2. La société Everest Formation, organisme de formation professionnelle, propose des actions de formation sur la plateforme « Mon Compte Formation ». Le 2 avril 2025, la Caisse des dépôts et consignations a adressé à cette société un courrier ouvrant procédure contradictoire et l’informant d’un certain nombre de griefs relevés à son encontre. Par une décision du 1er juillet 2025, la Caisse des dépôts et consignations a mis fin à la procédure contradictoire et a prononcé le déréférencement de la société Everest Formation sur la plateforme « Mon compte formation », pour une durée de douze mois, bloqué le paiement des formations et demandé le remboursement des sommes versées au titre des formations inéligibles. Par une décision du 28 octobre 2025, la Caisse des dépôts et consignations a rejeté le recours gracieux de la société. Le 30 octobre 2025, la Caisse des dépôts et consignations a adressé une lettre de créances à la société, puis une mise en demeure le 20 novembre 2025. La société Everest Formation demande au juge des référés, saisi sur le fondement de l’article L. 521-1 du code de justice administrative, d’ordonner la suspension de l’exécution de ces décisions.
3. En l’état de l’instruction, aucun des moyens invoqués n’est manifestement de nature à faire naitre un doute sérieux quant à la légalité de la décision dont il est demandé la suspension.
4. Par suite et sans qu’il soit besoin d’examiner si la condition d’urgence posée à l’article L. 521-1 du code de justice administrative est satisfaite, la requête de la société Everest Formation doit être rejetée dans toutes ses conclusions, y compris ses conclusions présentées au titre de l'article L. 761-1 du code de justice administrative, selon la procédure prévue à l’article L. 522-3 du code de justice administrative.
O R D O N N E :
Article 1er : La requête de la société Everest Formation est rejetée.
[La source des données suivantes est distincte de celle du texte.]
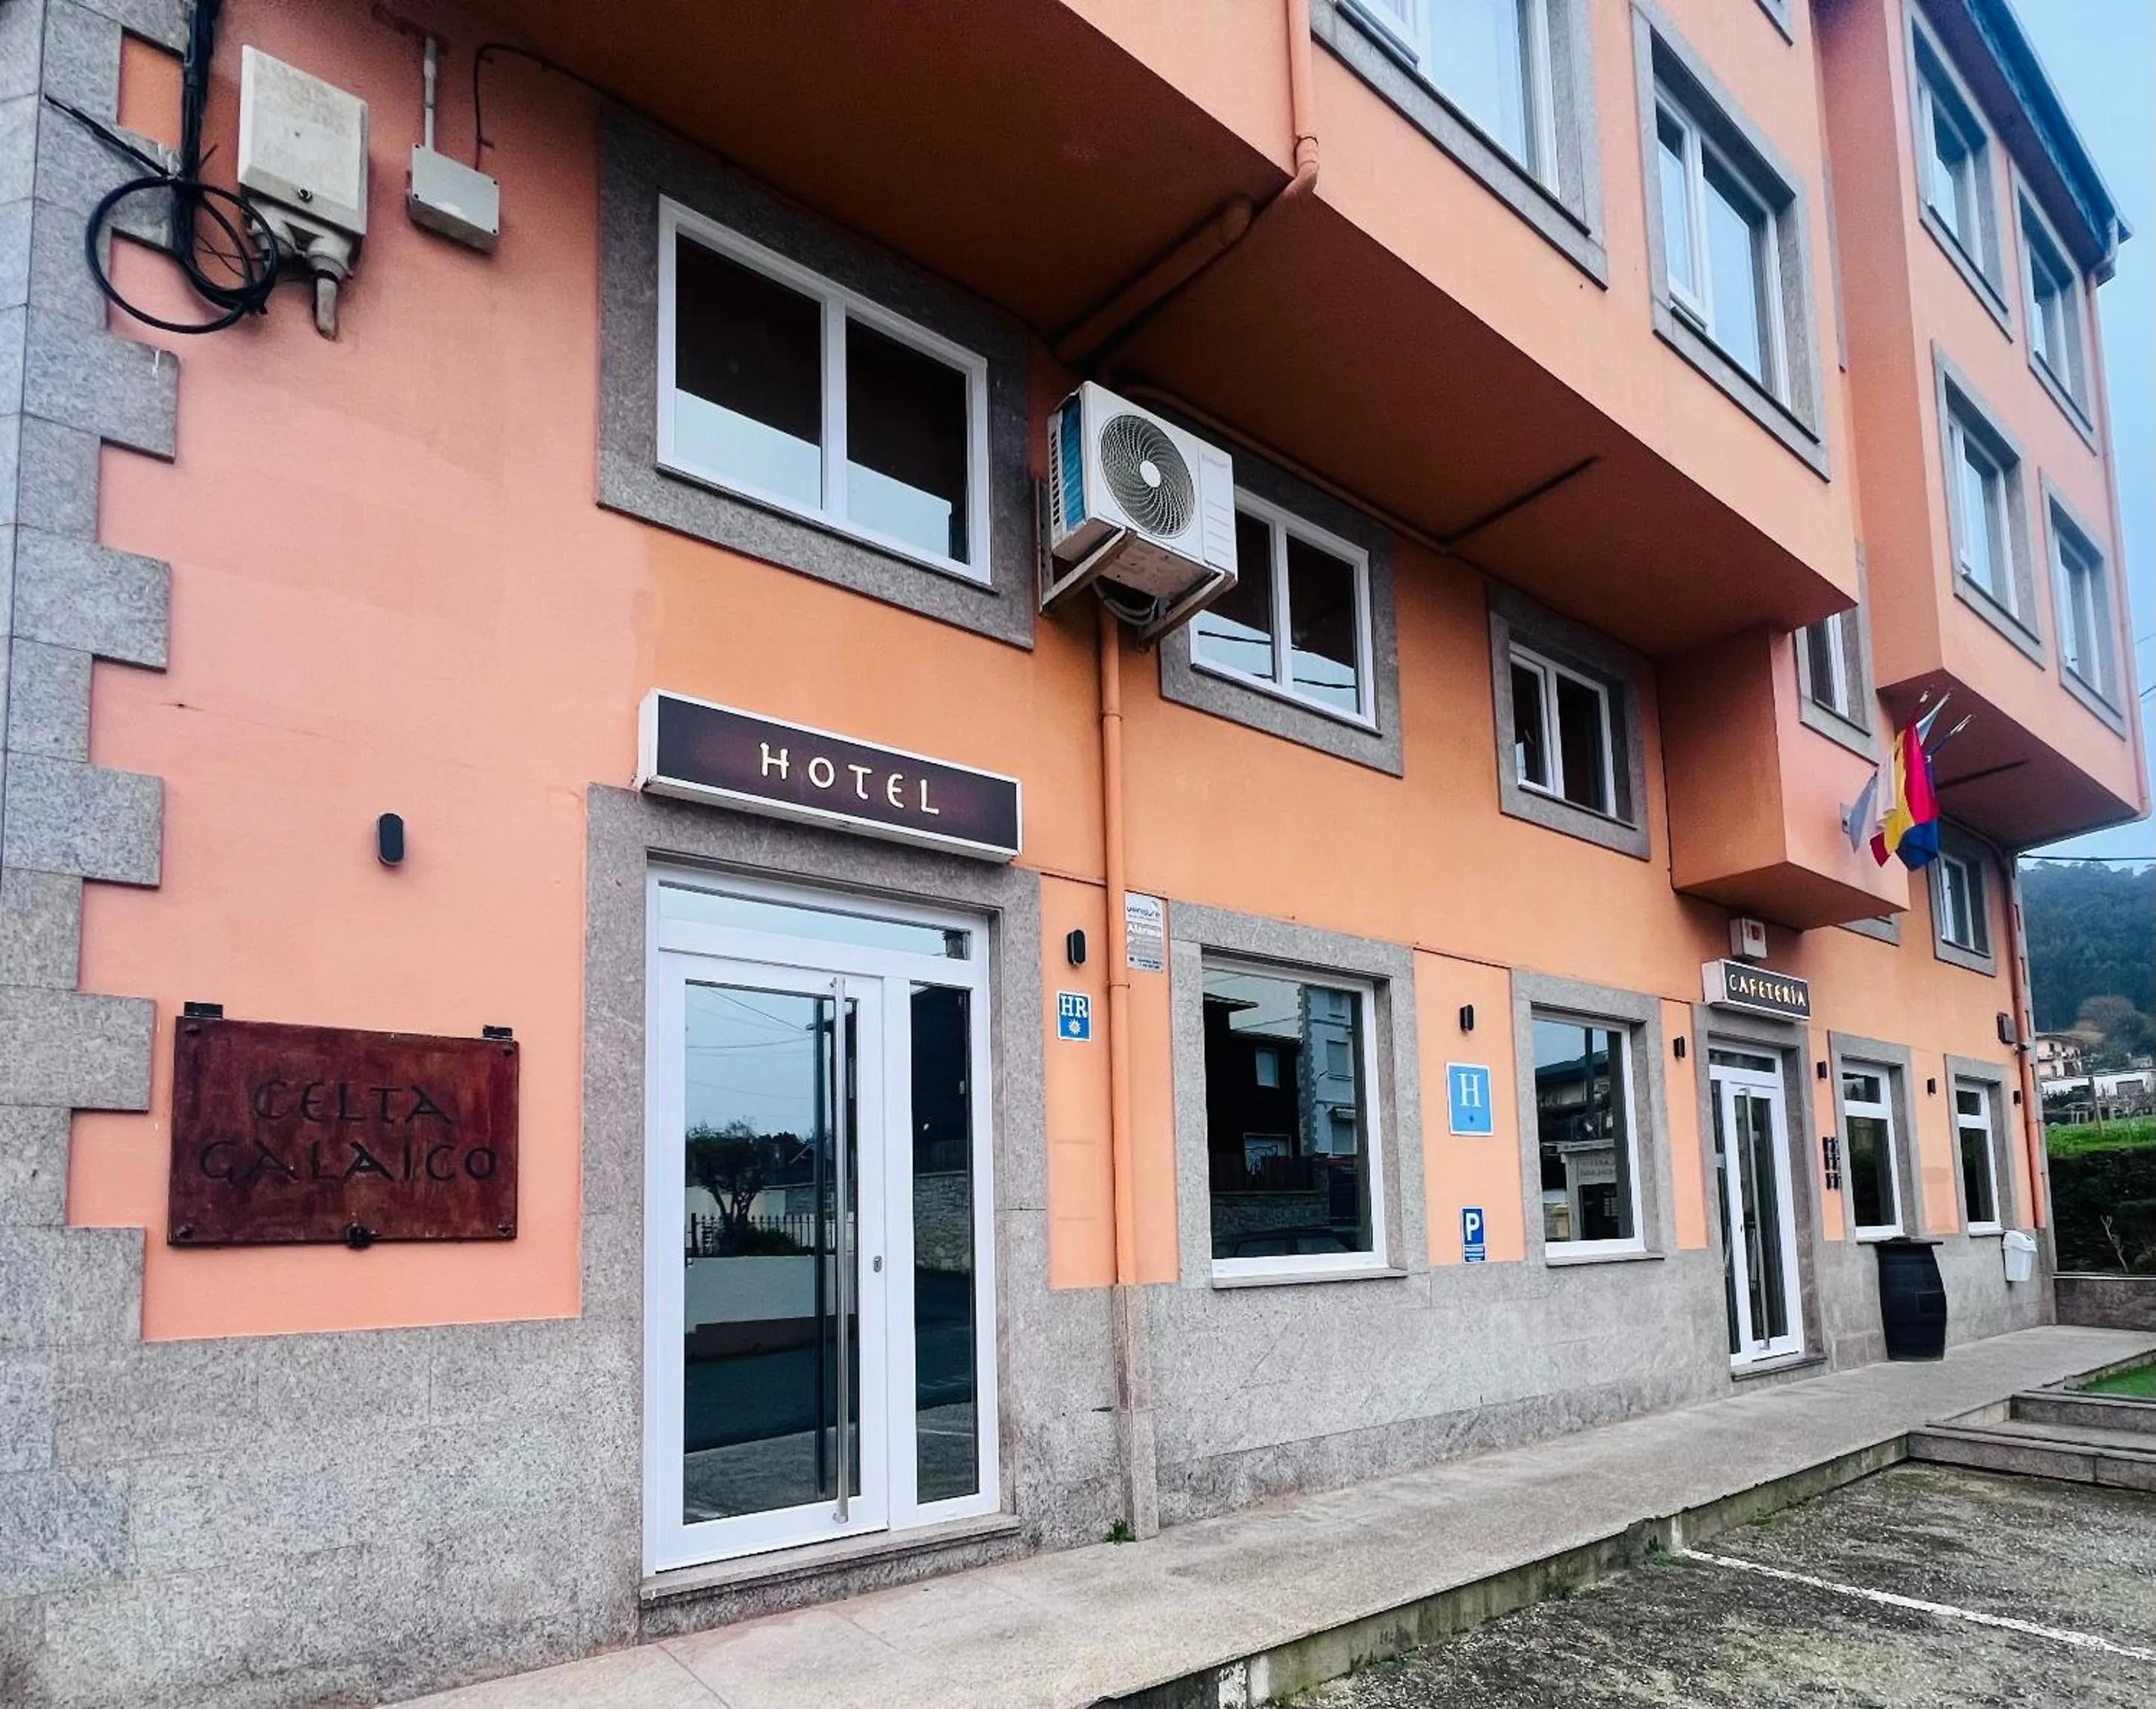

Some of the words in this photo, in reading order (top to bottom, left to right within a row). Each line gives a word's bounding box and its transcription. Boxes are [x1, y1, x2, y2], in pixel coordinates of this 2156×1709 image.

[759, 742, 940, 815] HOTEL
[1060, 995, 1088, 1018] HR
[1728, 974, 1807, 1007] CAFETERÍA
[252, 1079, 452, 1124] CELTA
[1457, 1073, 1483, 1108] H
[198, 1138, 497, 1182] GALAICO
[1465, 1212, 1481, 1242] P
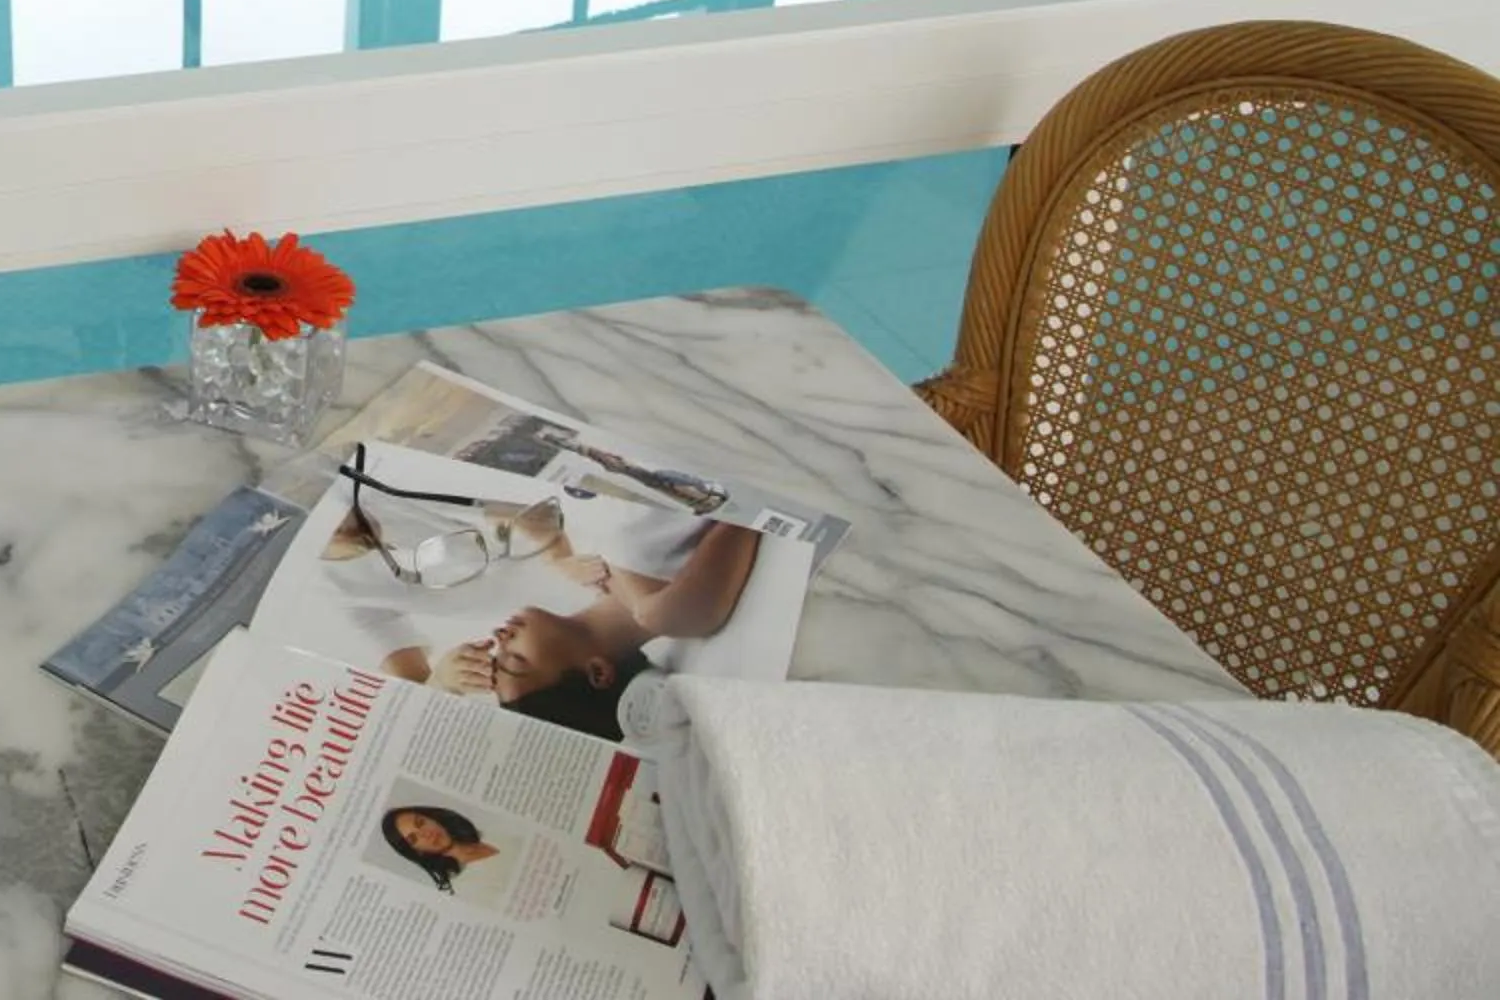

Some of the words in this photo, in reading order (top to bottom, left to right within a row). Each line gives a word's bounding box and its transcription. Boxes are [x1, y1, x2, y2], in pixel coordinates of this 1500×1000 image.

Article 2 : La présente ordonnance sera notifiée à la société Everest Formation.
Copie en sera adressée à la caisse des dépôts et consignations.
Fait à Lyon, le 16 décembre 2025
Le juge des référés,
C. Bertolo
La République mande et ordonne au ministre de l’économie, des finances et de la souveraineté industrielle et numérique en ce qui le concerne ou à tous commissaires de justice à ce requis en ce qui concerne les voies de droit commun contre les parties privées, de pourvoir à l’exécution de la présente décision.